#### [GOAL OF THE EXERCISE]
Omit the pictures and output every entry below exactly as written.

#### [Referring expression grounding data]
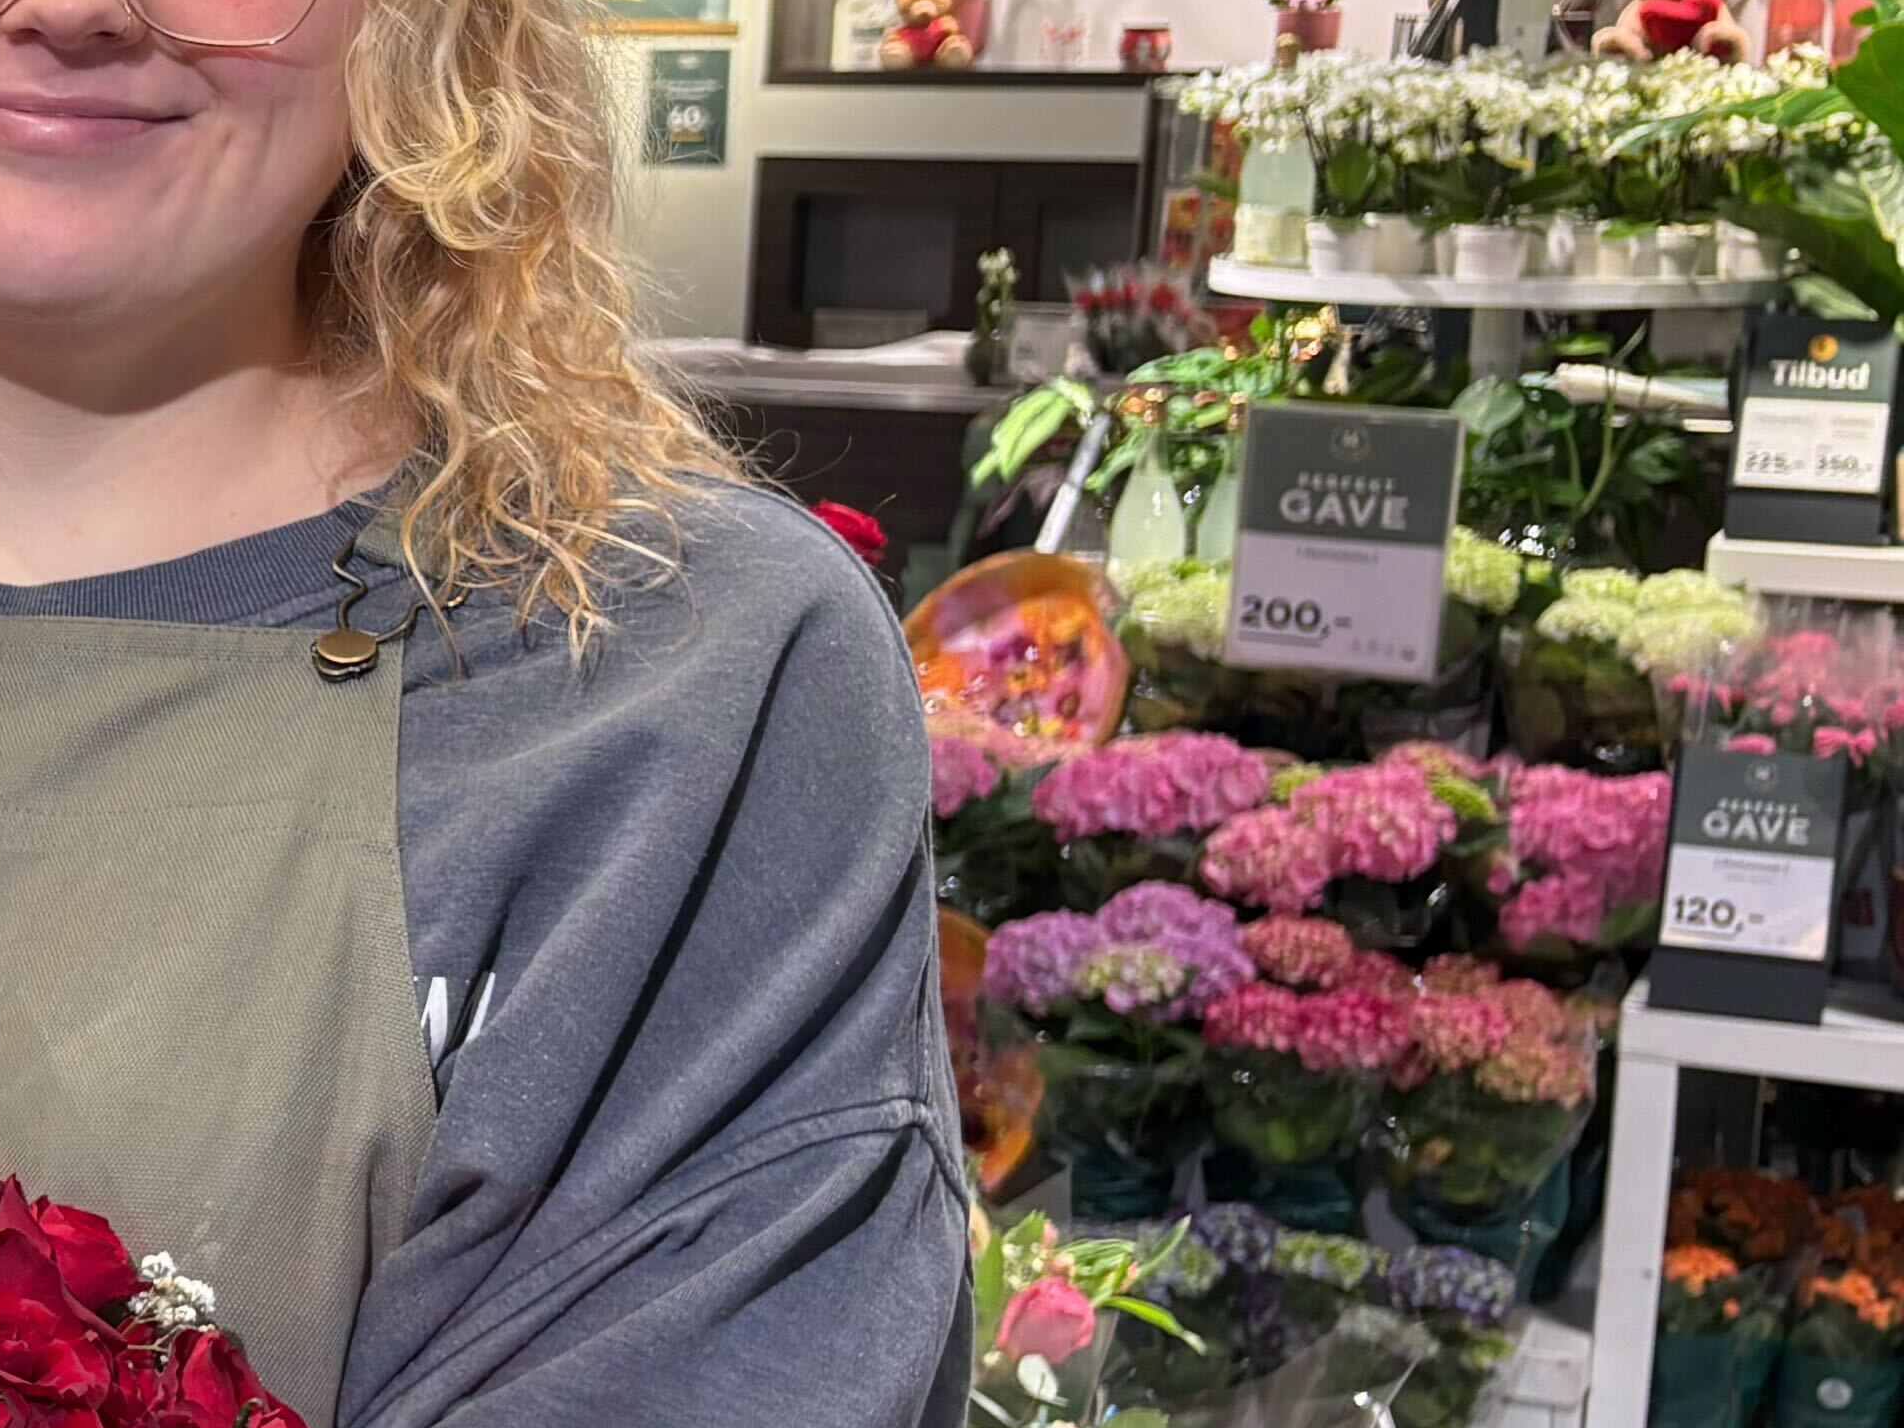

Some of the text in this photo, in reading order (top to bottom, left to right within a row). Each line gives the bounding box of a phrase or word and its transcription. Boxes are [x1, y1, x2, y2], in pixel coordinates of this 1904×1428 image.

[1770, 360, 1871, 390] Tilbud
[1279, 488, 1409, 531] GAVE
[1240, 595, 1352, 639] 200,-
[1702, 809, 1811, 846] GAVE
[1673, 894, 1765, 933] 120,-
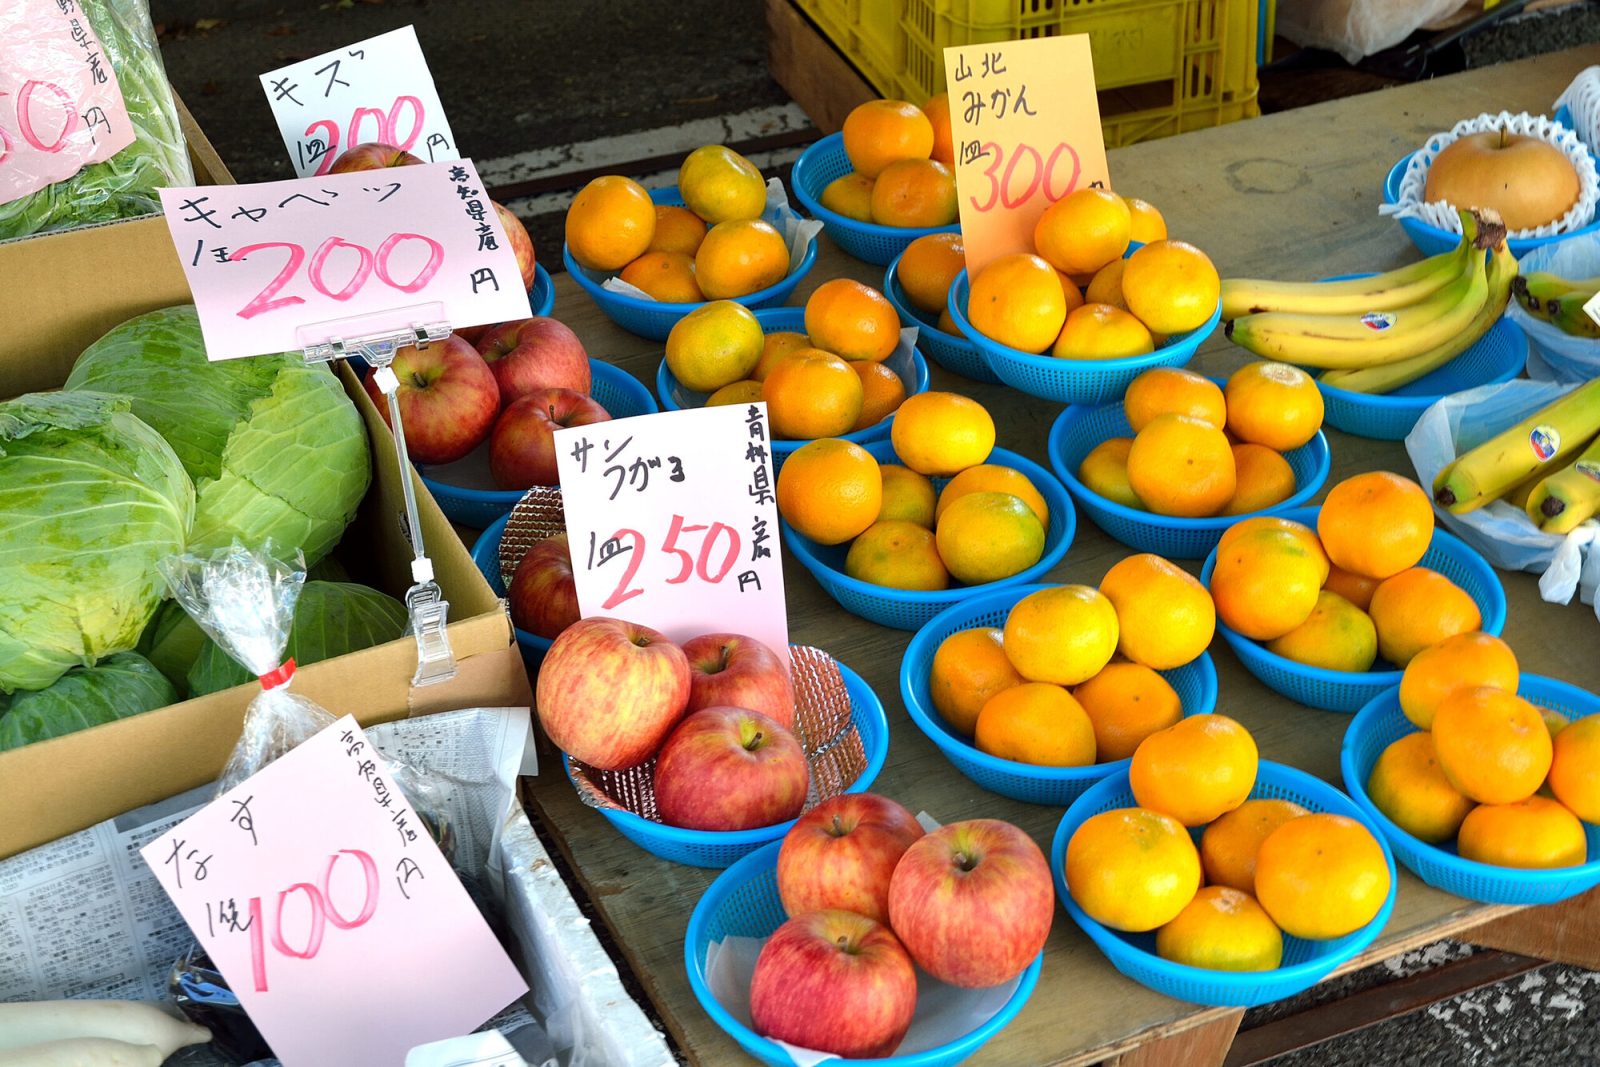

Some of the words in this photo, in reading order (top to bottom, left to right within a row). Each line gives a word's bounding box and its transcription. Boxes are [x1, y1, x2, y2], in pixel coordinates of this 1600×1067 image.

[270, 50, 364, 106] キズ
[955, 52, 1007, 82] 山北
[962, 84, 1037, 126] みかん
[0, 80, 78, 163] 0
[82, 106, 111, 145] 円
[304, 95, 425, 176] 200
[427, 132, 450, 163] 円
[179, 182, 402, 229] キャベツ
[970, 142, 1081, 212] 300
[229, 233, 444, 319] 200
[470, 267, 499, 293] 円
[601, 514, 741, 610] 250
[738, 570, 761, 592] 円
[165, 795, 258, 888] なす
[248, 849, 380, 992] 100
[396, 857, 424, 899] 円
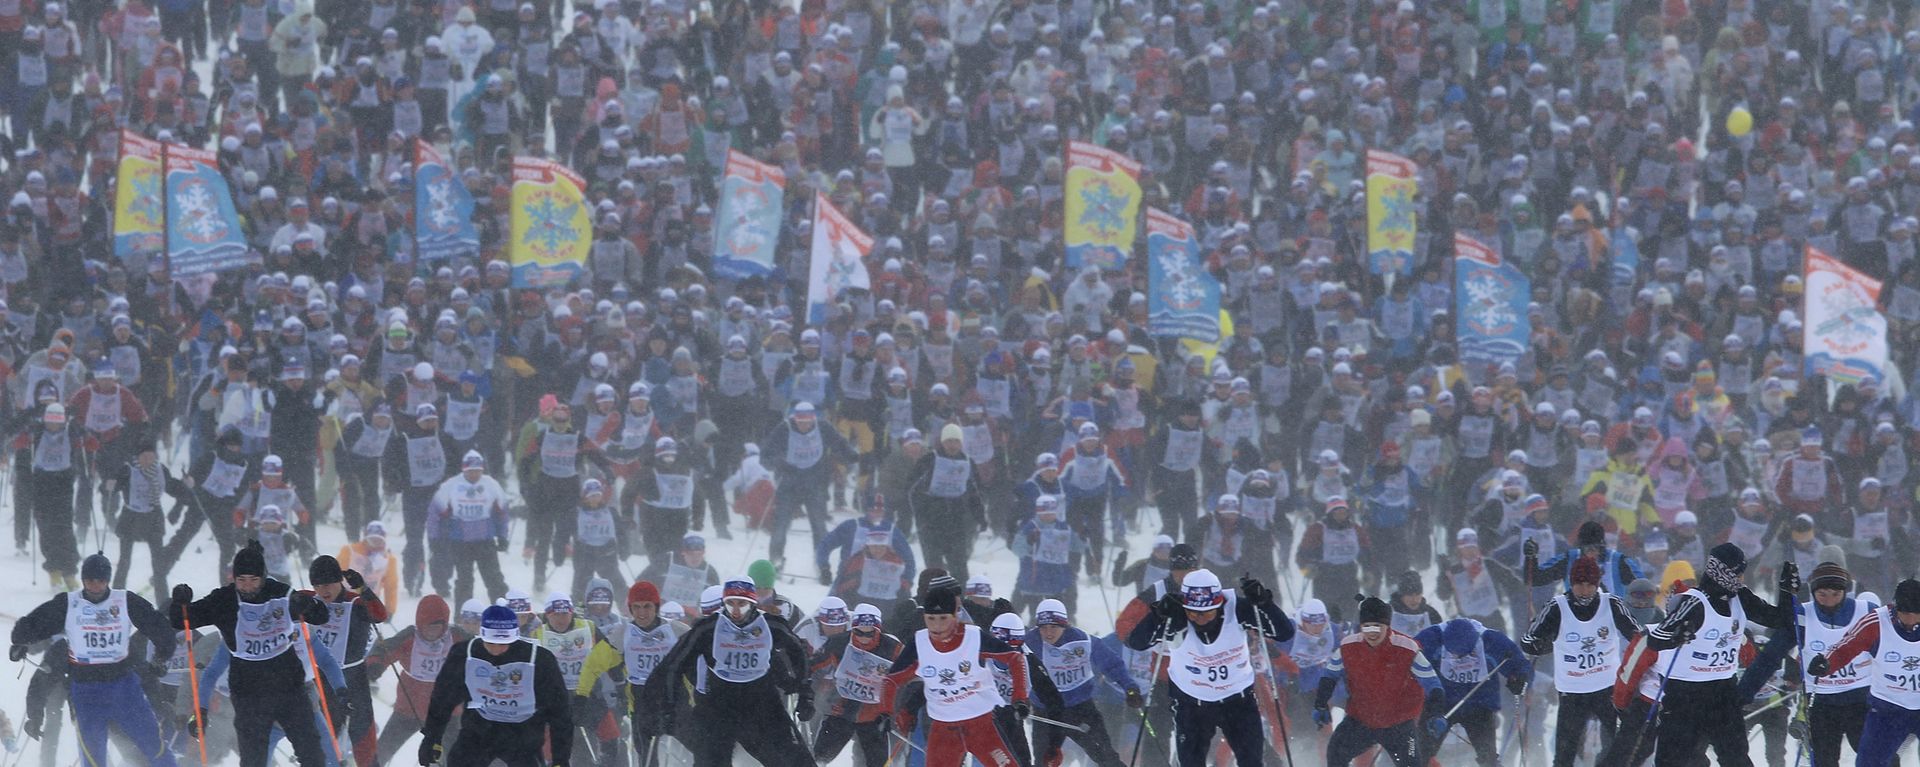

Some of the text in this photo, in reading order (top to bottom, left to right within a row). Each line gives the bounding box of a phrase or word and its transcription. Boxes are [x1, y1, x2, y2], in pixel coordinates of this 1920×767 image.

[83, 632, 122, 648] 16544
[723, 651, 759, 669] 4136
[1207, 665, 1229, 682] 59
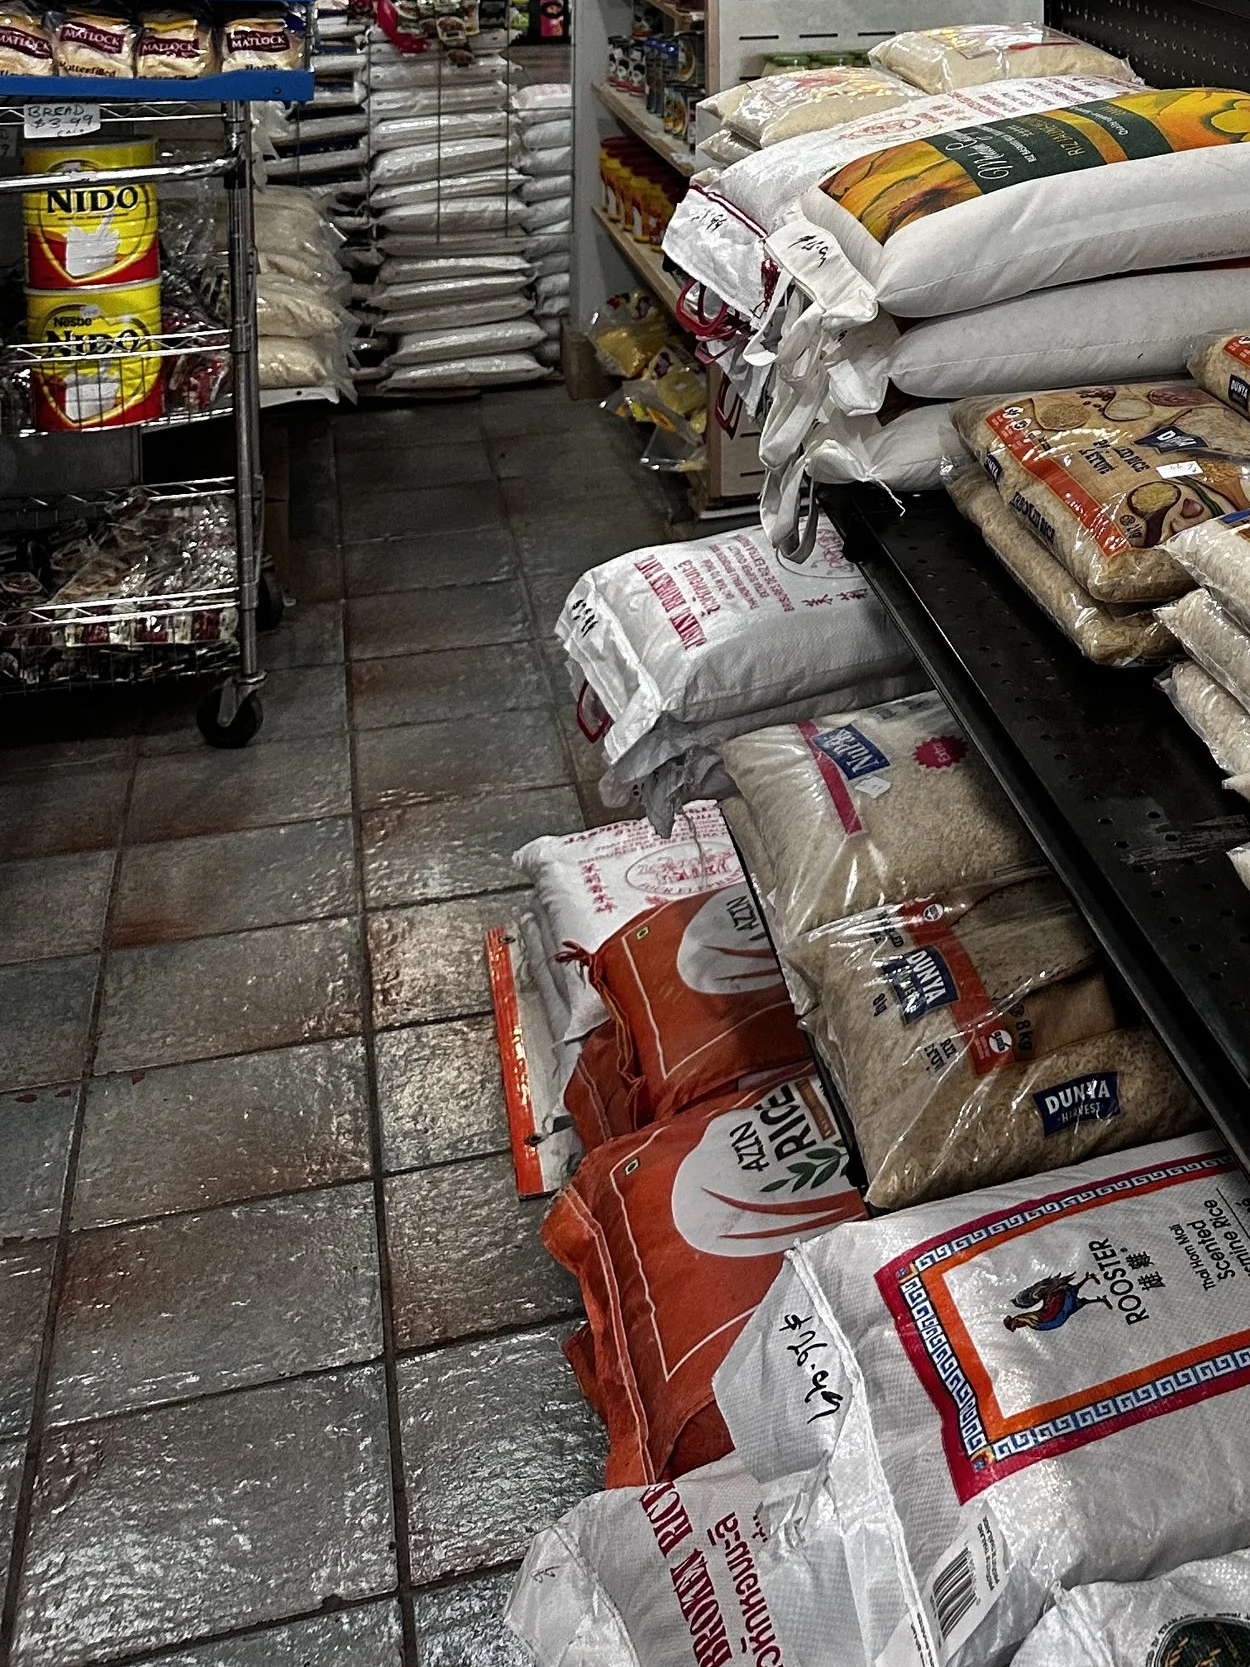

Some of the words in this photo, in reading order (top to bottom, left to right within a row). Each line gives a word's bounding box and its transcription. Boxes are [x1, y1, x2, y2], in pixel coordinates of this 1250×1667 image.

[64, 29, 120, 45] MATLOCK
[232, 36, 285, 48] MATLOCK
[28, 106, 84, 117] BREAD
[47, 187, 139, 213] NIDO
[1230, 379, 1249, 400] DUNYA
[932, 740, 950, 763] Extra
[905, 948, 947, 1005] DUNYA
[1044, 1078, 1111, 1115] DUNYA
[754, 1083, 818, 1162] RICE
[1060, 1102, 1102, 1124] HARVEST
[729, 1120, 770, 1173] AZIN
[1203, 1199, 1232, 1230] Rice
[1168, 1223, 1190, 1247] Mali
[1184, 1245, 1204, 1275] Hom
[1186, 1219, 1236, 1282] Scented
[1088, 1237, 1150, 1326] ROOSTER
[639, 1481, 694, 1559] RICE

#### [EXERCISE SOLUTION]
Some of the text in this photo, in reading order (top to bottom, left to right within a row). Each line gives the bounding box of a phrase or word and its transcription. Boxes are [x1, y1, x2, y2], in pixel coordinates of this 1904×1428 image.

[1770, 360, 1871, 390] Tilbud
[1279, 488, 1409, 531] GAVE
[1240, 595, 1352, 639] 200,-
[1702, 809, 1811, 846] GAVE
[1673, 894, 1765, 933] 120,-

Some of the words in this photo, in reading order (top to bottom, left to right within a row). Each line gives a word's bounding box and its transcription. Boxes are [x1, y1, x2, y2], in pixel coordinates of this 1600×1067 image.

[270, 50, 364, 106] キズ
[955, 52, 1007, 82] 山北
[962, 84, 1037, 126] みかん
[0, 80, 78, 163] 0
[82, 106, 111, 145] 円
[304, 95, 425, 176] 200
[427, 132, 450, 163] 円
[179, 182, 402, 229] キャベツ
[970, 142, 1081, 212] 300
[229, 233, 444, 319] 200
[470, 267, 499, 293] 円
[601, 514, 741, 610] 250
[738, 570, 761, 592] 円
[165, 795, 258, 888] なす
[248, 849, 380, 992] 100
[396, 857, 424, 899] 円

Some of the text in this photo, in reading order (top to bottom, left to right within a row). Each line gives the bounding box of a phrase or word and its transcription. Boxes are [x1, y1, x2, y2], in pixel coordinates of this 1920×767 image.

[83, 632, 122, 648] 16544
[723, 651, 759, 669] 4136
[1207, 665, 1229, 682] 59

Some of the words in this photo, in reading order (top to bottom, left to right within a row). Each line gives a word's bounding box and its transcription. Boxes are [x1, y1, x2, y2], in pixel coordinates of this 1250×1667 image.

[64, 29, 120, 45] MATLOCK
[232, 36, 285, 48] MATLOCK
[28, 106, 84, 117] BREAD
[47, 187, 139, 213] NIDO
[1230, 379, 1249, 400] DUNYA
[932, 740, 950, 763] Extra
[905, 948, 947, 1005] DUNYA
[1044, 1078, 1111, 1115] DUNYA
[754, 1083, 818, 1162] RICE
[1060, 1102, 1102, 1124] HARVEST
[729, 1120, 770, 1173] AZIN
[1203, 1199, 1232, 1230] Rice
[1168, 1223, 1190, 1247] Mali
[1184, 1245, 1204, 1275] Hom
[1186, 1219, 1236, 1282] Scented
[1088, 1237, 1150, 1326] ROOSTER
[639, 1481, 694, 1559] RICE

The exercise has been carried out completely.